From: Ming Lei <ming.lei@redhat.com>
To: John Garry <john.garry@huawei.com>
Cc: Christoph Hellwig <hch@infradead.org>,
"Martin K. Petersen" <martin.petersen@oracle.com>,
jejb@linux.vnet.ibm.com, linuxarm@huawei.com,
linux-scsi@vger.kernel.org, linux-kernel@vger.kernel.org,
chenxiang <chenxiang66@hisilicon.com>,
Kashyap Desai <kashyap.desai@broadcom.com>
Subject: Re: [PATCH 0/7] hisi_sas: Misc bugfixes and an optimisation patch
Date: Fri, 12 Oct 2018 07:36:34 +0800 [thread overview]
Message-ID: <20181011233633.GA30271@ming.t460p> (raw)
In-Reply-To: <519812c7-970a-976c-7db5-a035bf4f4e24@huawei.com>
On Thu, Oct 11, 2018 at 03:07:33PM +0100, John Garry wrote:
> On 11/10/2018 14:32, Ming Lei wrote:
> > On Thu, Oct 11, 2018 at 02:12:11PM +0100, John Garry wrote:
> > > On 11/10/2018 11:15, Christoph Hellwig wrote:
> > > > On Thu, Oct 11, 2018 at 10:59:11AM +0100, John Garry wrote:
> > > > >
> > > > > > blk-mq tags are always per-host (which has actually caused problems for
> > > > > > ATA, which is now using its own per-device tags).
> > > > > >
> > > > >
> > > > > So, for example, if Scsi_host.can_queue = 2048 and Scsi_host.nr_hw_queues =
> > > > > 16, then rq tags are still in range [0, 2048) for that HBA, i.e. invariant
> > > > > on queue count?
> > > >
> > > > Yes, if can_queue is 2048 you will gets tags from 0..2047.
> > > >
> > >
> > > I should be clear about some things before discussing this further. Our
> > > device has 16 hw queues. And each command we send to any queue in the device
> > > must have a unique tag across all hw queues for that device, and should be
> > > in the range [0, 2048) - it's called an IPTT. So Scsi_host.can_queue = 2048.
> >
> > Could you describe a bit about IPTT?
> >
>
> IPTT is an "Initiator Tag". It is a tag to map to the context of a hw queue
> command. It is related to SAS protocol Initiator Port tag. I think that most
> SAS HBAs have a similar concept.
>
> IPTTs are limited, and must be recycled when an IO completes.
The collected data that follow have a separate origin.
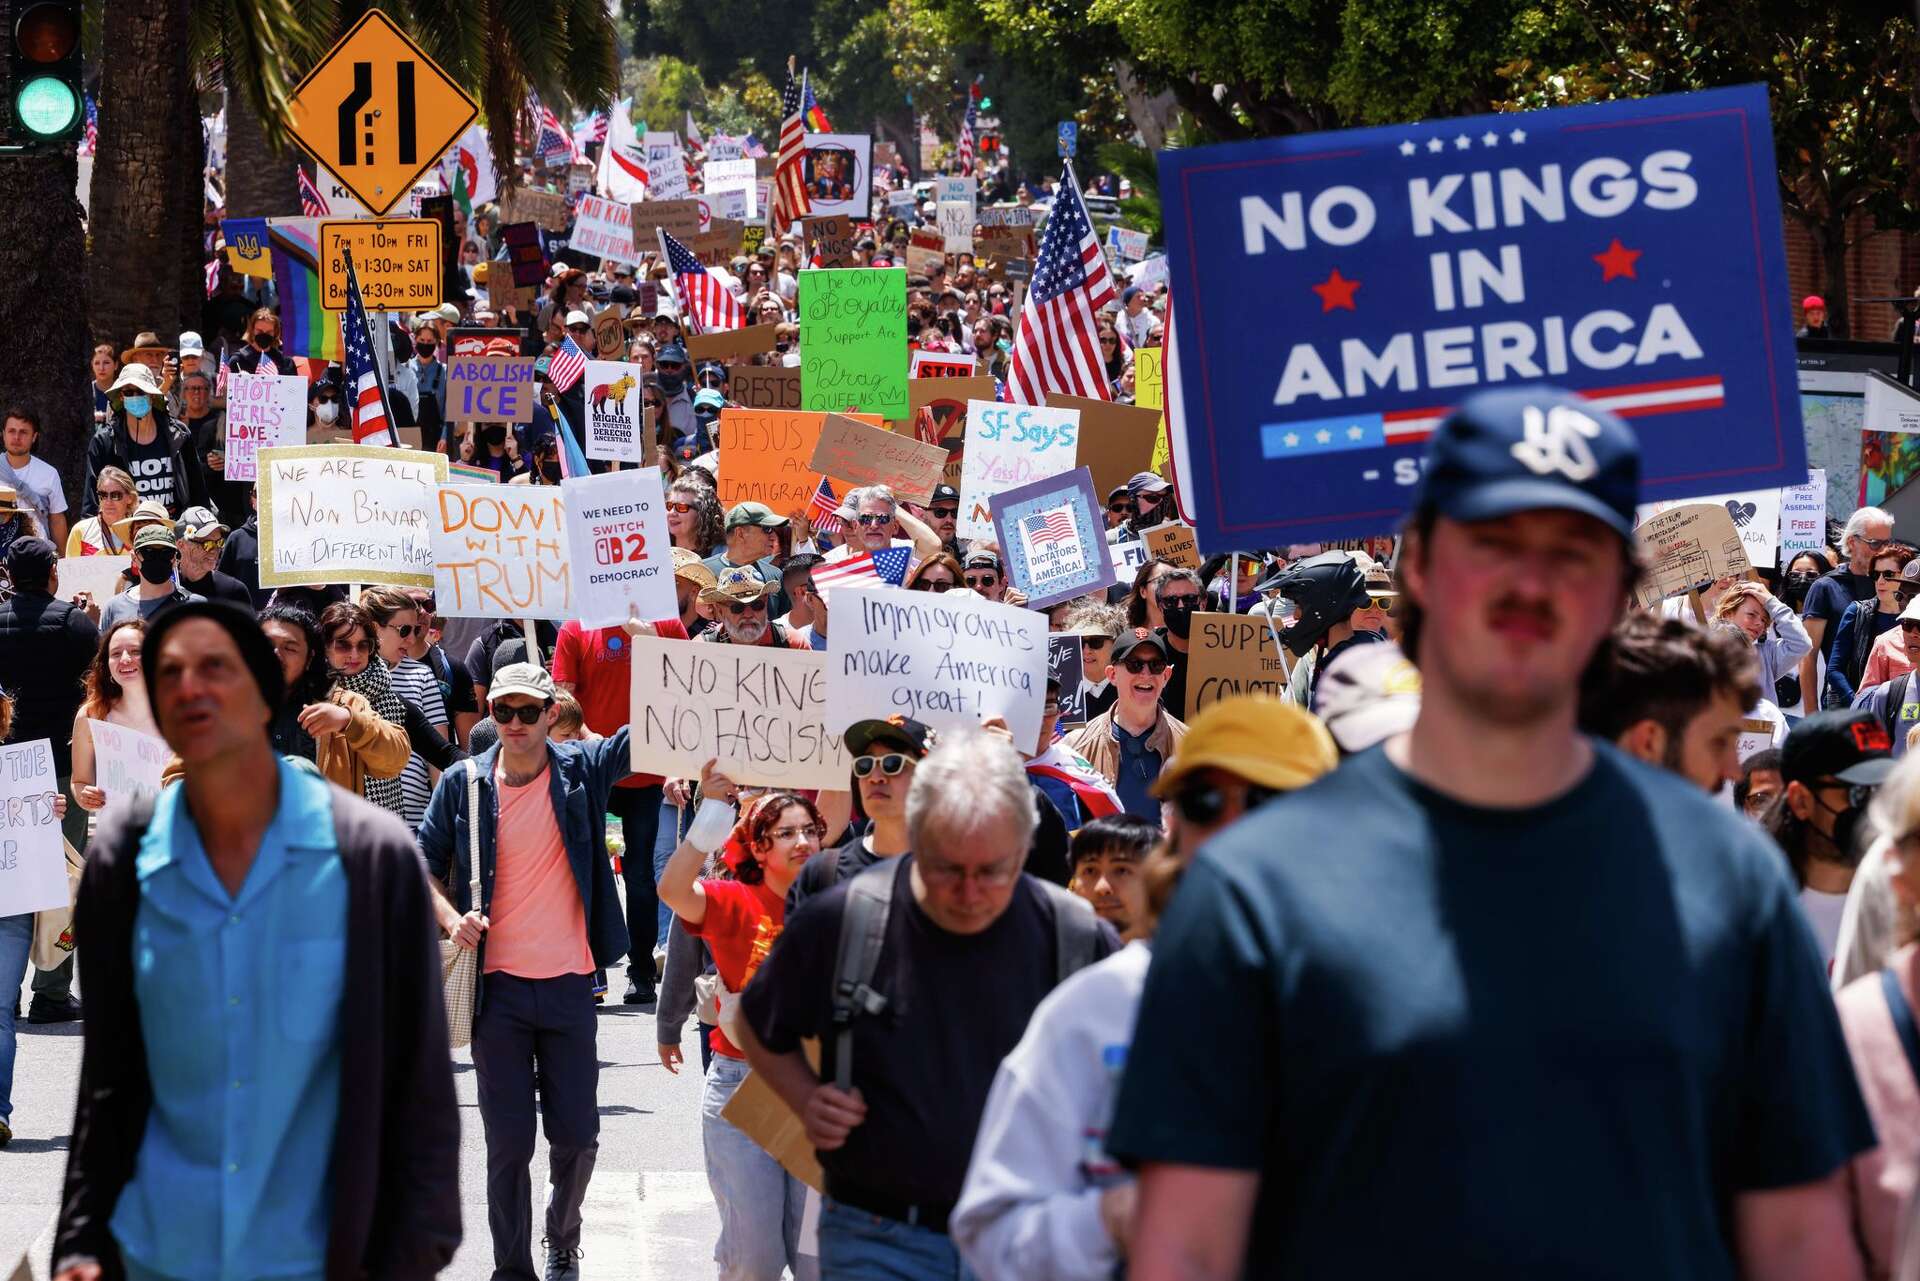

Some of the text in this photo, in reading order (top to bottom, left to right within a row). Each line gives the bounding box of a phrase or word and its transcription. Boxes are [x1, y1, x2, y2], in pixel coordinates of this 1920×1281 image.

[583, 199, 602, 218] NO
[1239, 149, 1698, 255] NO KINGS
[812, 220, 838, 237] NO
[333, 234, 351, 249] 7PM
[371, 233, 398, 249] 10PM
[407, 234, 428, 249] FRI
[364, 258, 403, 273] 1:30PM
[408, 259, 430, 273] SAT
[800, 269, 889, 294] The Only
[1430, 244, 1525, 311] IN
[362, 283, 404, 298] 4:30PM
[409, 284, 433, 298] SUN
[803, 325, 897, 347] I Support Are
[1273, 303, 1704, 406] AMERICA
[451, 362, 533, 383] ABOLISH
[806, 356, 889, 391] Drag
[920, 364, 969, 378] STOP
[233, 379, 274, 402] HOT
[463, 385, 517, 416] ICE
[732, 375, 801, 407] RESIS
[809, 392, 873, 412] QUEENS
[229, 402, 281, 427] GIRLS
[592, 413, 632, 424] MIGRAR
[229, 423, 267, 441] LOVE
[593, 428, 632, 438] DERECHO
[602, 422, 632, 430] NUESTRO
[727, 417, 802, 451] JESUS
[979, 409, 1075, 452] SF Says
[594, 436, 632, 444] ANCESTRAL
[128, 457, 173, 477] NOT
[226, 462, 257, 480] NEI
[276, 459, 427, 486] WE ARE ALL
[781, 457, 812, 473] AN
[943, 464, 961, 478] KIN
[722, 477, 813, 502] IMMIGRAN
[583, 502, 649, 520] WE NEED TO
[592, 520, 645, 536] SWITCH
[1791, 519, 1816, 530] FREE
[626, 533, 649, 562] 2
[1045, 542, 1059, 551] NO
[1164, 532, 1177, 543] DO
[1784, 538, 1824, 550] KHALIL!
[279, 534, 433, 567] IN DIFFERENT WAYS
[1031, 545, 1078, 566] DICTATORS
[1035, 560, 1082, 582] AMERICA!
[1051, 558, 1061, 568] IN
[590, 566, 660, 584] DEMOCRACY
[436, 557, 570, 614] TRUM
[862, 596, 1034, 651] Immigrants
[844, 649, 1032, 698] make America
[1260, 658, 1282, 671] THE
[664, 653, 826, 712] NO KING
[646, 704, 842, 767] NO FASCISM
[6, 744, 48, 782] THE
Our hw
> supports upto 2048. So we have a limit of 2048 commands issued at any point
> in time.
>
> Previously we had been managing IPTT in LLDD, but found rq tag can be used
> as IPTT (as in 6/7), to gave a good performance boost.
>
> > Looks like the 16 hw queues are like reply queues in other drivers,
> > such as megara_sas, but given all the 16 reply queues share one tagset,
> > so the hw queue number has to be 1 from blk-mq's view.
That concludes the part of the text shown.